PROBLEM STATEMENT
Of the lines in the data below, write out exactly those from the one holding "this 1024×1365 image." through the one holding "this 1288×966 image.", both included.

RECORD EXCERPTS
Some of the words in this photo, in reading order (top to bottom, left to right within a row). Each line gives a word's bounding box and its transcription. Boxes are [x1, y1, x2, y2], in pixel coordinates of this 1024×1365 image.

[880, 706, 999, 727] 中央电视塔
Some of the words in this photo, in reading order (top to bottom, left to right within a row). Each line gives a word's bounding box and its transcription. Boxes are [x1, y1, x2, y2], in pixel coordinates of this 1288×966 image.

---

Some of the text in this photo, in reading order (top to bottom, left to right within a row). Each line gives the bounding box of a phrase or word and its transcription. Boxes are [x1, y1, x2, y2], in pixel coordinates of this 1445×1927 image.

...

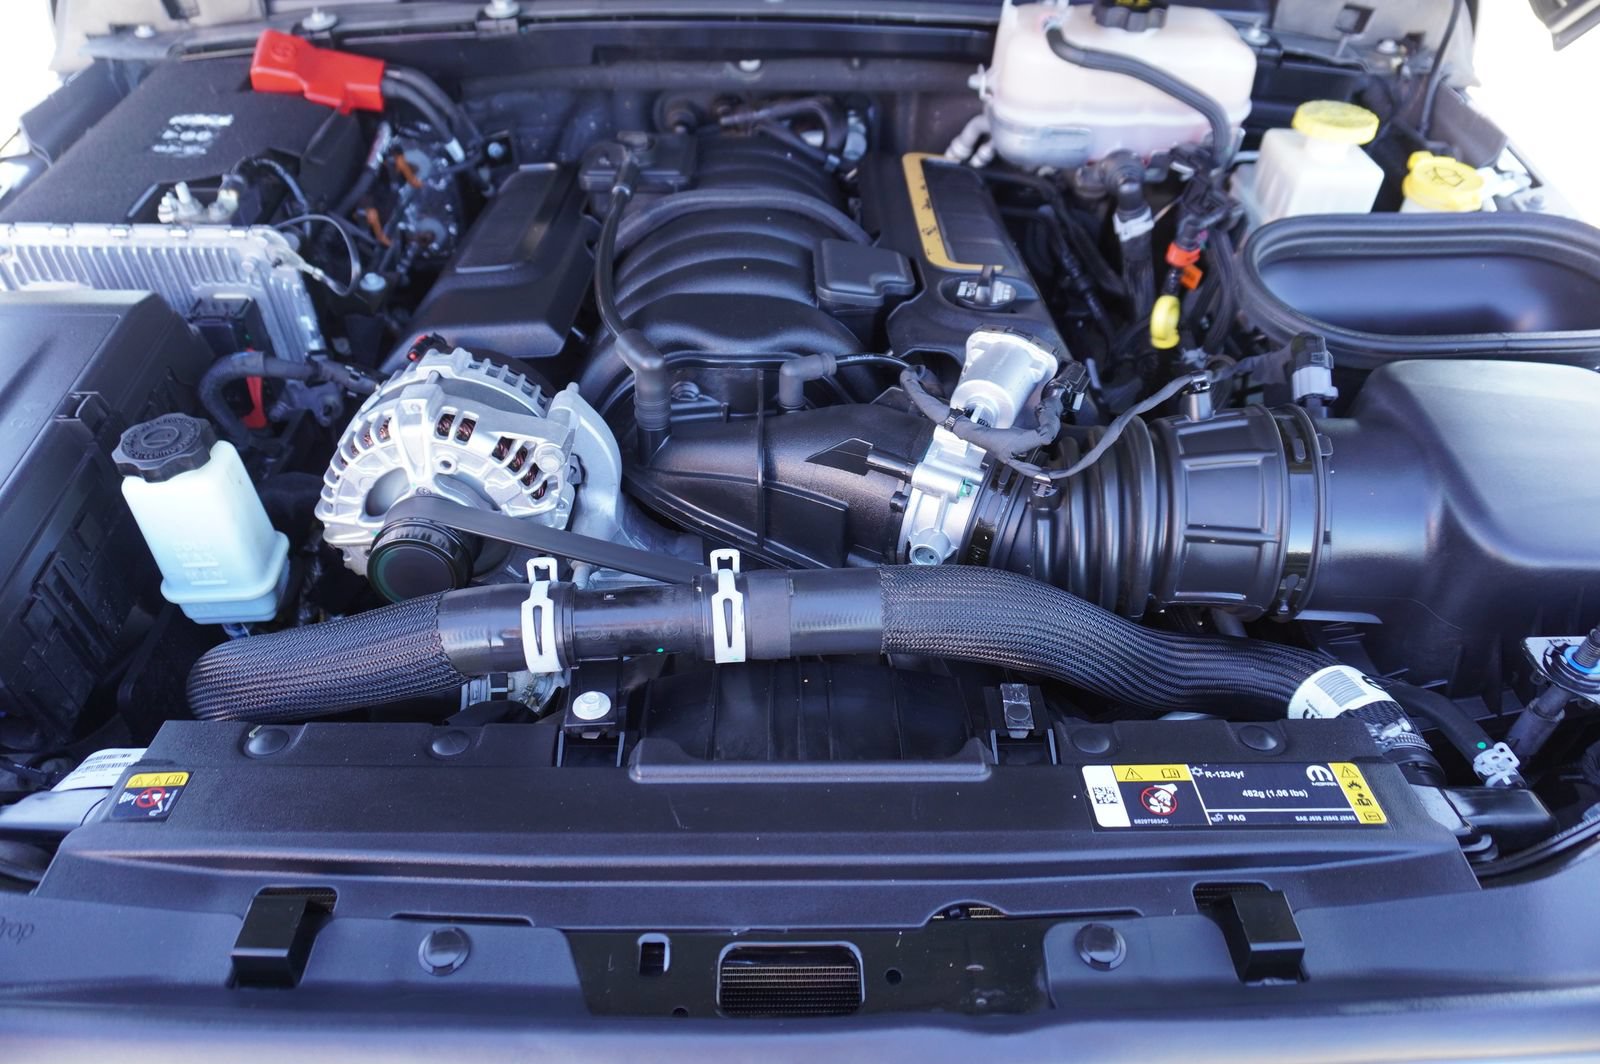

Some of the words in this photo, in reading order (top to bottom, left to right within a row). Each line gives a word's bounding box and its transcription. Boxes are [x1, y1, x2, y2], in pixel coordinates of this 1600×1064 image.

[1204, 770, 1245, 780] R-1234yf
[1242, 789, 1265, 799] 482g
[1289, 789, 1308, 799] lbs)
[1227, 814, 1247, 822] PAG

RESPONSE
Some of the words in this photo, in reading order (top to bottom, left to right within a row). Each line gives a word's bounding box and its transcription. Boxes are [x1, y1, x2, y2], in pixel coordinates of this 1024×1365 image.

[880, 706, 999, 727] 中央电视塔
Some of the words in this photo, in reading order (top to bottom, left to right within a row). Each line gives a word's bounding box and its transcription. Boxes are [x1, y1, x2, y2], in pixel coordinates of this 1288×966 image.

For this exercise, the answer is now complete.